1. In the time of the patriarchs—Arabian tribes. The Arabs first appear in the Bible in the Table of Nations in Genesis 10 and in other early genealogies. Among the descendants of Cush (10:7), the following are located in Arabia: Seba, Havilah, Sabtah, Sheba, and Dedan. The descendants of Joktan, who was of the line of Shem, include the following names which have been attached to places in Arabia: Hazarmaveth, Uzal, Sheba, Ophir, and Havilah (10:25-29). The names of some of the descendants of Nahor are associated with tribes or areas in N Arabia: Uz, Buz, Chesed (the sing. of the name whose pl. is tr. Chaldeans), and Hazo (22:20-23). Of the descendants of Abraham by Keturah (25:1-4), Sheba is usually associated with S Arabia and the following with N Arabia: Medan, Midian, Shuah, and Dedan. Most of the names of the descendants of Ishmael (25:13-16) refer to tribes or places in NW Arabia, namely: Nebaioth, Kedar, Dumah, Massa, Tema, and Kedemah. The Arab genealogists also trace their own ancestry back to Ishmael and Abraham.

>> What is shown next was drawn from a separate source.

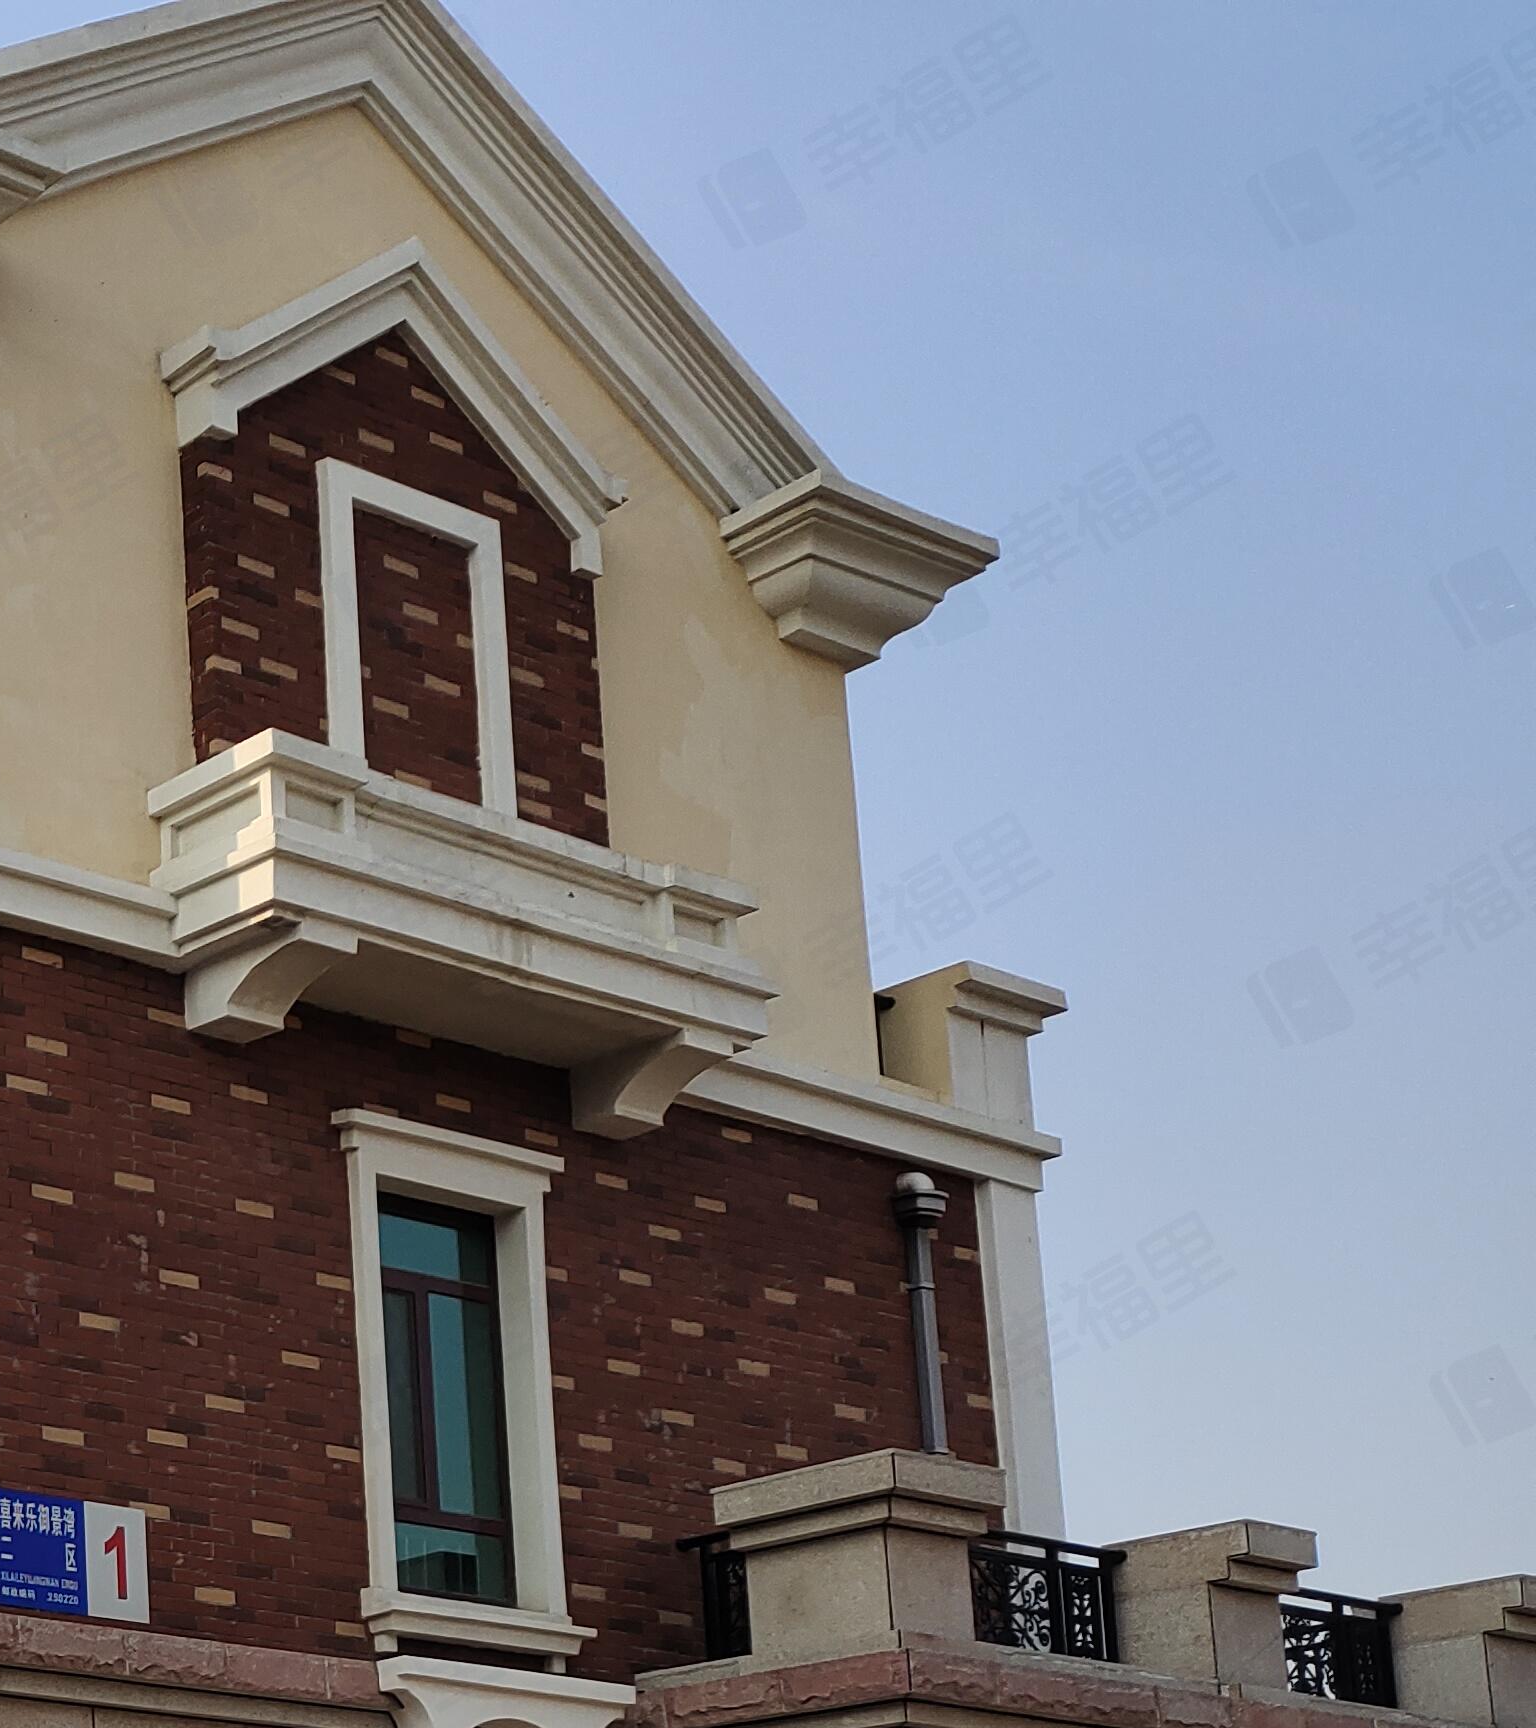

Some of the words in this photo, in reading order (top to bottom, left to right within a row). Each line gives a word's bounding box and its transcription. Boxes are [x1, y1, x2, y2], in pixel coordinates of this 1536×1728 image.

[0, 1497, 75, 1539] 喜来乐御景湾
[104, 1526, 128, 1600] 1

The earliest Biblical incident involving Israelites and Arabs is the selling of Joseph by his brothers to Arab merchants, who took him to Egypt and sold him there (37:25-28; 39:1). These merchants are called Ishmaelites, which is a general name for Arabs, and they also are called Midianites (37:28), their specific Arab tribe (cf. Judg 6:1; 8:24).

2. In the time of Moses—the Midianites. Moses, after killing an Egyp., fled to Midian, an area and a tribe in NW Arabia, and stayed there many years (Exod 2:15). There he married Zipporah, the daughter of Reuel (also called Jethro), the priest of Midian. As a typical Arab, Reuel had flocks (2:16), and Moses adapted to Arab life by tending these flocks (3:1). After the Exodus, the Israelites in the wilderness had to fight Arab tribes such as the Amalekites (17:8-15).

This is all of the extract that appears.